◆ **About this task**: The answer is the full listing below, copied exactly, with its pictures omitted.

◆ **Extracted entries**:

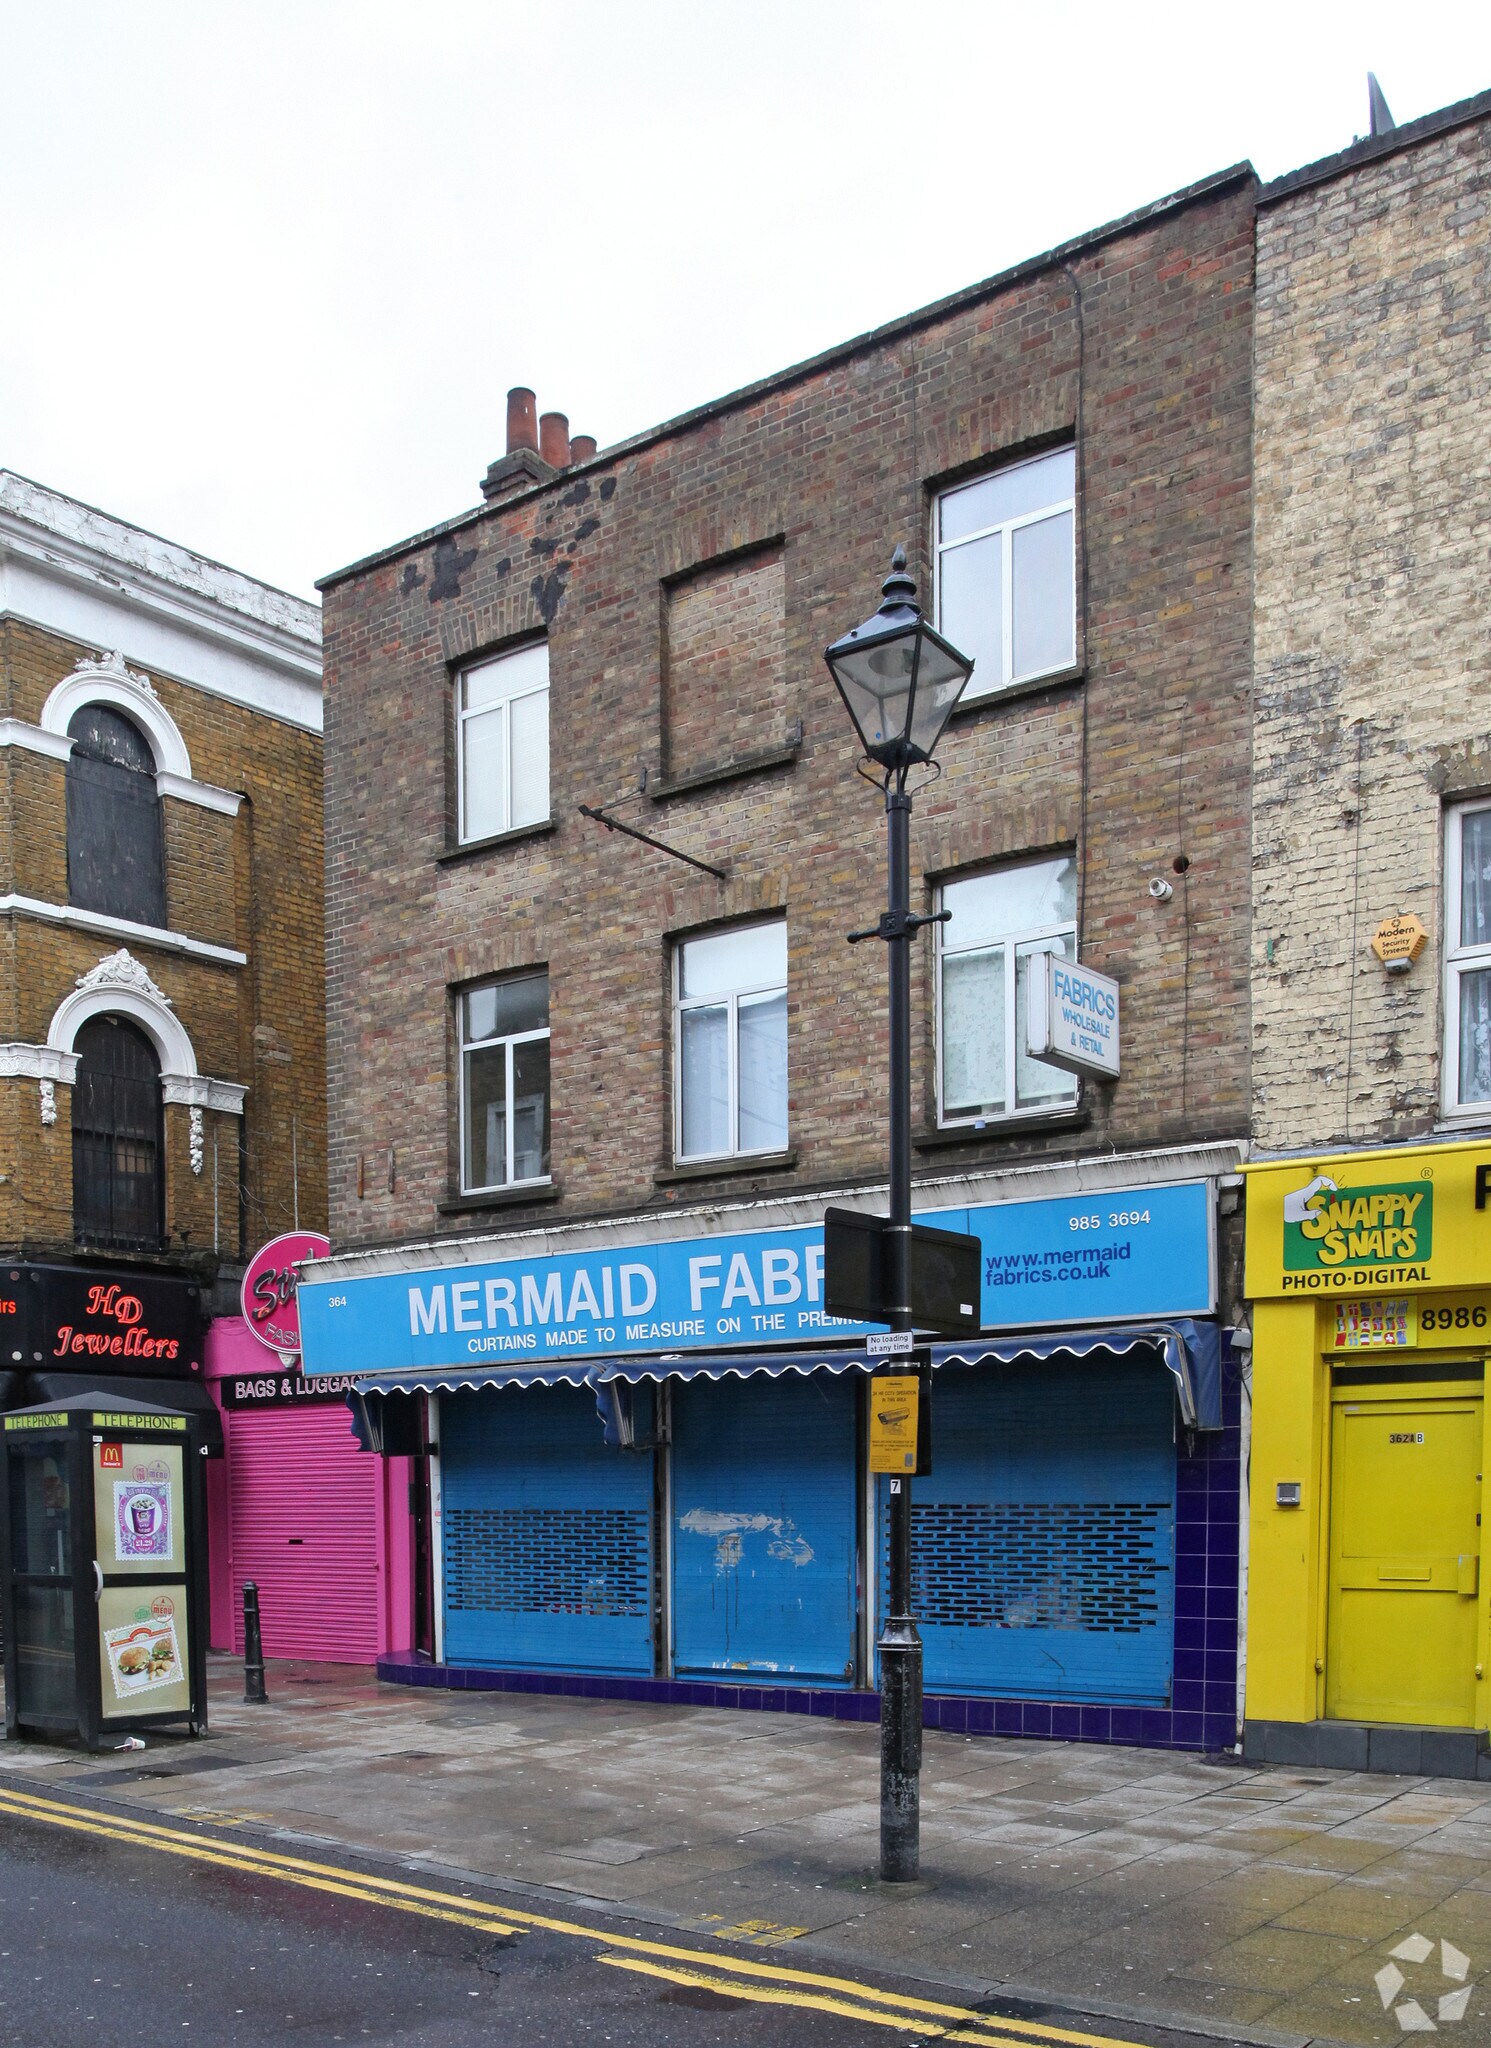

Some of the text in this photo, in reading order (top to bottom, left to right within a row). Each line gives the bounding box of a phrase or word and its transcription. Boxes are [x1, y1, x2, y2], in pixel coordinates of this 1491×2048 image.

[1378, 927, 1415, 938] Modern
[1382, 938, 1410, 948] Security
[1382, 946, 1410, 956] Systems
[1054, 969, 1115, 1020] FABRICS
[1062, 1006, 1110, 1039] WHOLESALE
[1071, 1031, 1104, 1057] & RETAIL
[1069, 1210, 1151, 1231] 985 3694
[1301, 1192, 1424, 1240] SNAPPY
[986, 1241, 1131, 1269] www.mermaid
[1317, 1227, 1417, 1265] SNAPS
[985, 1261, 1111, 1287] fabrics.co.uk
[328, 1296, 347, 1308] 364
[408, 1263, 658, 1336] MERMAID
[1421, 1306, 1487, 1330] 8986
[53, 1326, 180, 1359] Jewellers
[468, 1333, 536, 1353] CURTAINS
[546, 1329, 588, 1347] MADE
[595, 1327, 615, 1342] TO
[626, 1319, 705, 1340] MEASURE
[716, 1317, 741, 1334] ON
[751, 1313, 786, 1331] THE
[870, 1335, 909, 1344] No loading
[894, 1343, 910, 1351] time
[235, 1379, 276, 1399] BAGS
[281, 1378, 293, 1397] &
[10, 1413, 62, 1429] TELEPHONE
[101, 1412, 179, 1430] TELEPHONE
[891, 1480, 899, 1492] 7
[153, 1606, 172, 1615] MENU

◆ **Output**:
Some of the text in this photo, in reading order (top to bottom, left to right within a row). Each line gives the bounding box of a phrase or word and its transcription. Boxes are [x1, y1, x2, y2], in pixel coordinates of this 1491×2048 image.

[1378, 927, 1415, 938] Modern
[1382, 938, 1410, 948] Security
[1382, 946, 1410, 956] Systems
[1054, 969, 1115, 1020] FABRICS
[1062, 1006, 1110, 1039] WHOLESALE
[1071, 1031, 1104, 1057] & RETAIL
[1069, 1210, 1151, 1231] 985 3694
[1301, 1192, 1424, 1240] SNAPPY
[986, 1241, 1131, 1269] www.mermaid
[1317, 1227, 1417, 1265] SNAPS
[985, 1261, 1111, 1287] fabrics.co.uk
[328, 1296, 347, 1308] 364
[408, 1263, 658, 1336] MERMAID
[1421, 1306, 1487, 1330] 8986
[53, 1326, 180, 1359] Jewellers
[468, 1333, 536, 1353] CURTAINS
[546, 1329, 588, 1347] MADE
[595, 1327, 615, 1342] TO
[626, 1319, 705, 1340] MEASURE
[716, 1317, 741, 1334] ON
[751, 1313, 786, 1331] THE
[870, 1335, 909, 1344] No loading
[894, 1343, 910, 1351] time
[235, 1379, 276, 1399] BAGS
[281, 1378, 293, 1397] &
[10, 1413, 62, 1429] TELEPHONE
[101, 1412, 179, 1430] TELEPHONE
[891, 1480, 899, 1492] 7
[153, 1606, 172, 1615] MENU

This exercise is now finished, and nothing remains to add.